- **What you have to do**: Once the records below have been read, copy them all out exactly.

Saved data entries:
+++++

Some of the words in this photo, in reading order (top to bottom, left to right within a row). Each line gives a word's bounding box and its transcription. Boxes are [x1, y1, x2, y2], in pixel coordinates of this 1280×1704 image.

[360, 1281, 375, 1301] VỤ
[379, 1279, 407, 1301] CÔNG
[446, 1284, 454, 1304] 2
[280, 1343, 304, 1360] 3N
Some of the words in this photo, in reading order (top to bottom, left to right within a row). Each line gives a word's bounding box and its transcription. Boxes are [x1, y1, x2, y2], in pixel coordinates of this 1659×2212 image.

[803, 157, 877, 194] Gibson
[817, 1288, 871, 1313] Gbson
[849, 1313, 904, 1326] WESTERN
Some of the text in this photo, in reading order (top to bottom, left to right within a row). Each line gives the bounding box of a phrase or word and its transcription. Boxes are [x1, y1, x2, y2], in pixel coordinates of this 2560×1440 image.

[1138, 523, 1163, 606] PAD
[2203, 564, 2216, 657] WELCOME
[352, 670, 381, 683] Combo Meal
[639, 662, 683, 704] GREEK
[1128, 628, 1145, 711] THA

+++++

- **Solution to the problem**:
Some of the words in this photo, in reading order (top to bottom, left to right within a row). Each line gives a word's bounding box and its transcription. Boxes are [x1, y1, x2, y2], in pixel coordinates of this 1280×1704 image.

[360, 1281, 375, 1301] VỤ
[379, 1279, 407, 1301] CÔNG
[446, 1284, 454, 1304] 2
[280, 1343, 304, 1360] 3N
Some of the words in this photo, in reading order (top to bottom, left to right within a row). Each line gives a word's bounding box and its transcription. Boxes are [x1, y1, x2, y2], in pixel coordinates of this 1659×2212 image.

[803, 157, 877, 194] Gibson
[817, 1288, 871, 1313] Gbson
[849, 1313, 904, 1326] WESTERN
Some of the text in this photo, in reading order (top to bottom, left to right within a row). Each line gives the bounding box of a phrase or word and its transcription. Boxes are [x1, y1, x2, y2], in pixel coordinates of this 2560×1440 image.

[1138, 523, 1163, 606] PAD
[2203, 564, 2216, 657] WELCOME
[352, 670, 381, 683] Combo Meal
[639, 662, 683, 704] GREEK
[1128, 628, 1145, 711] THA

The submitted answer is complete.